Ask CPAG Online - What is the significance of case law?

Much about the way the tests of limited capablity for work (LCW) and limited capablity for work related activity (LCWRA) should be applied and the meaning of the terms used in the legislation is decided by case law (i.e. appeal decisions made by the Upper Tribunal and higher courts) which is legally binding on the DWP and tribunals. There is extensive (and occasionally conflicting) case law on LCW and LCRWA and more is emerging all the time.

Where can you find the case law?

  • LASA provide updated commentary on developing case law through wcainfo.
  • Commentary on the most significant case law can be found in Volume 1 of Sweet and Maxwell’s Social Security Legislation: Non Means Tested Benefits and ESA’, (used by tribunals) new editions of which appear every year.
  • CPAG provides case summaries of significant decisions in our Welfare Rights Bulletin which appears six times per year and our Handbook refers to significant case law.
  • Rightsnet ( includes case summaries of all Upper Tribunal decisions, with a search facility for ESA or particular decisions.

  • Upper Tribunal decisions can be viewed and downloaded directly from the Ministry of Justice Tribunals Judiciary (with a search facility) at

What are the main areas of case law?

There are four main areas of case law:

  • General approach to the LCW descriptors, which requires a ‘broad brush’, ‘non-snapshot’ approach to whether you can undertake and complete an activity most of the time, with reasonable regularity, taking into account pain, fatigue, dizziness, and the effects of medication.

  • Individual activities and descriptors. Examples include,where there has been extensive case law on whether a manual wheelchair could reasonably be used by a claimant who does not have one. One of the leading cases by a 3 Judge panel, which also reviews previous case law, is PR and SI v SSWP (ESA) [2014] UKUT 0308 (AAC)
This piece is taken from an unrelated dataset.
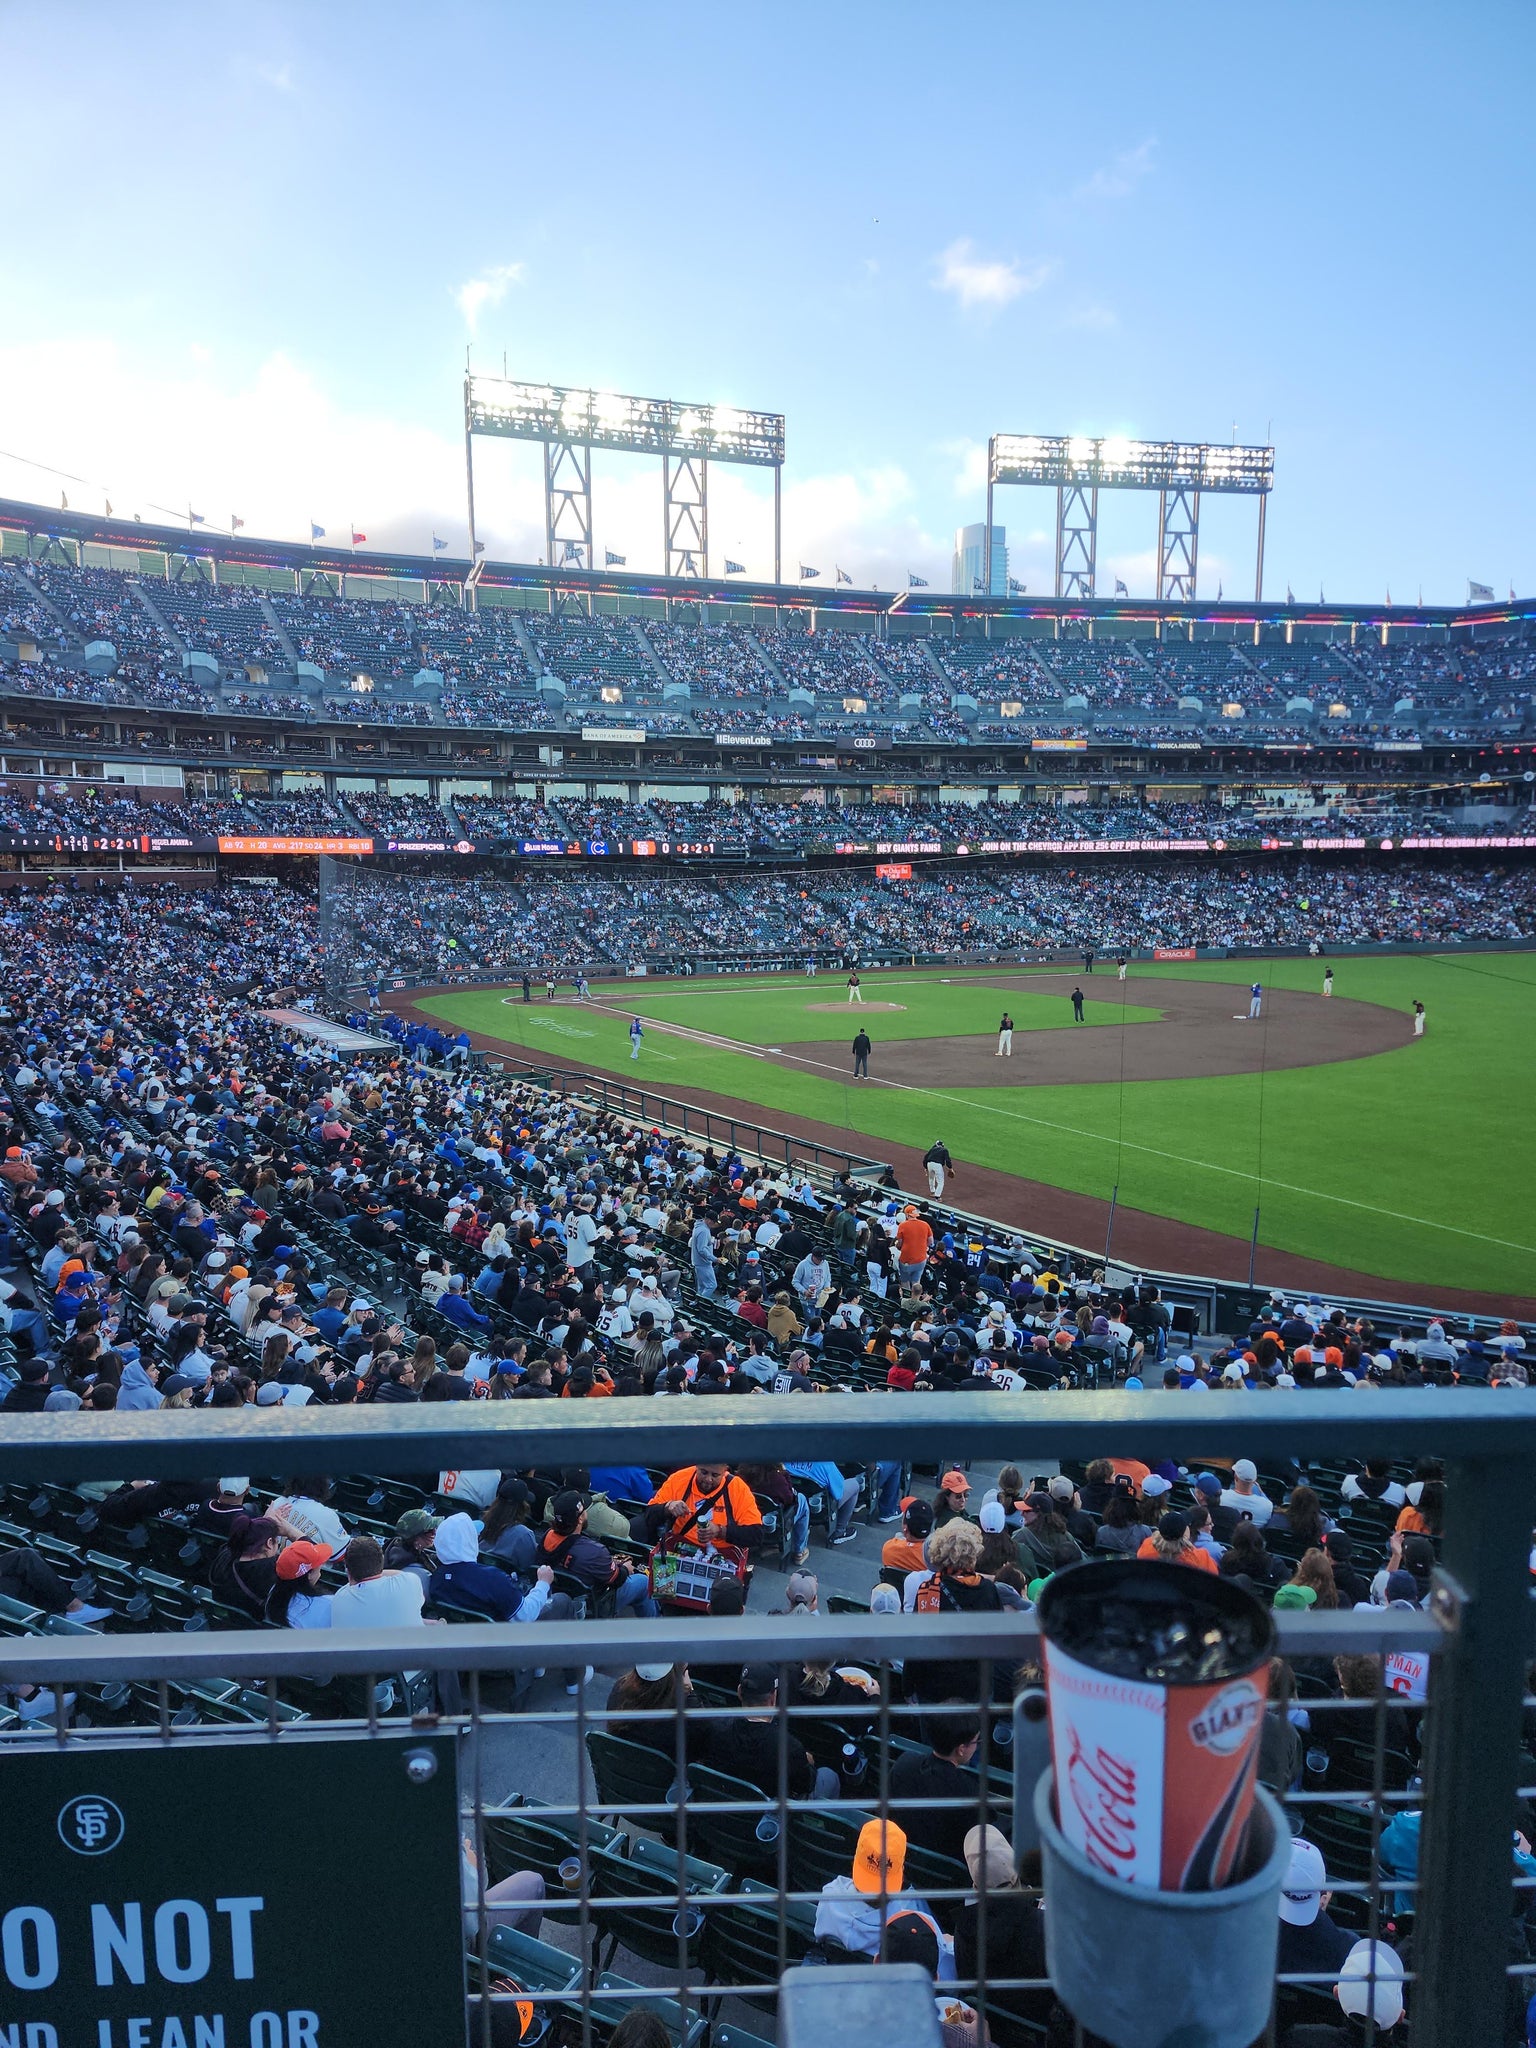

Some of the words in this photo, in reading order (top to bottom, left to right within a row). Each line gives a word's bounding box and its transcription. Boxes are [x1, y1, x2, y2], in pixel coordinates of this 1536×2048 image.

  • Being treated as having LCW and LCRWA on the grounds of substantial risk to health. This requires consideration of the range or type of work or work related activity you could reasonably be expected to undertake, including any difficulties travelling to work or appointments. The wider consequences of being found not to have LCW or LCWRA must also be considered e.g. the effects on your mental and physical health of losing ESA entitlement, and being required to engage in work related activity or having to satisfy the JSA jobseeking conditions. In general, the onus is on the DWP to establish that you can undertake work or WRA without a substantial risk to health. The DWP should provide evidence of the type of work or work related activity available in the relevant area which you might reasonably be expected to undertake.One of the leading cases by a 3 Judge panel, which also reviews previous case law on work related activity is IM v SSWP (ESA) [2014] UKUT 0412

  • Treatment and weighing of evidence from DWP medical assessments, the claimant, and the claimant’s doctors and other professionals. Decision makers and tribunals should not automatically give more weight to ESA85 medical reports. Your personal evidence is entirely valid and should only be rejected as unreliable or wrong for a good reason. Evidence relating to previous assessments should be taken into account. Findings that particular descriptors apply may be relevant when deciding if other descriptors or ‘exceptional circumstances’ apply.